Now, in the history of genocide, for instance, the Nazis referred to the Jews as lice and they said, we are going to exterminate them. 3 In the history of the slaughter of the indigenous people of the Americas, those who made policy said, they're lice, kill them. 4 Catharine MacKinnon talked earlier about gender cleansing: murdering prostitutes. She is right. Prostituted women are women who are there, available for the gynocidal kill. And prostituted women are being killed every single day, and we don't think we're facing anything resembling an emergency. Why should we? They're no one. When a man kills a prostitute, he feels righteous. It is a righteous kill.
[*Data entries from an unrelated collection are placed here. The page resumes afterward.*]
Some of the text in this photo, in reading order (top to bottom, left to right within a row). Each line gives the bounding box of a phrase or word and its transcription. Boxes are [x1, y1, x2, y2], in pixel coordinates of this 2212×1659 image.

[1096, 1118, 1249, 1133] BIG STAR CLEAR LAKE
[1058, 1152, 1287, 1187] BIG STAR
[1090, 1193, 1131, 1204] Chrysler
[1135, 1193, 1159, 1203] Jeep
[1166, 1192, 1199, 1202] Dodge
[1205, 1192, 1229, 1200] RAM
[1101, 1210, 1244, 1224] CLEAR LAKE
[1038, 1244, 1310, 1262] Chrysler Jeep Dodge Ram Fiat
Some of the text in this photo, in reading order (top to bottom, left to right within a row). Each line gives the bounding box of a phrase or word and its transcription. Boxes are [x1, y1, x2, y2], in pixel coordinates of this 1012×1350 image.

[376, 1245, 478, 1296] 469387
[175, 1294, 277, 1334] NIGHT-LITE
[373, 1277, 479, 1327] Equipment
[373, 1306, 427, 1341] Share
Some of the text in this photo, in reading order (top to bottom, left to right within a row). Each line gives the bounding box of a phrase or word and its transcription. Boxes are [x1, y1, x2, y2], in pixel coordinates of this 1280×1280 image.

He has just gotten rid of a piece of dirt, and the society tells him he is right.
There is also a specific kind of dehumanization experienced by women who are prostituted. Yes, all women experience being objects, being treated like objects. But prostituted women are treated like a certain kind of object, which is to say, a target. A target isn't any old object. You might take pretty good care of some objects that you have around the house. But a target you go after. You put the dart in the hole. That's what the prostitute is for. What that should tell you is how much aggression goes into what a man does when he seeks out, finds, and uses a prostituted woman.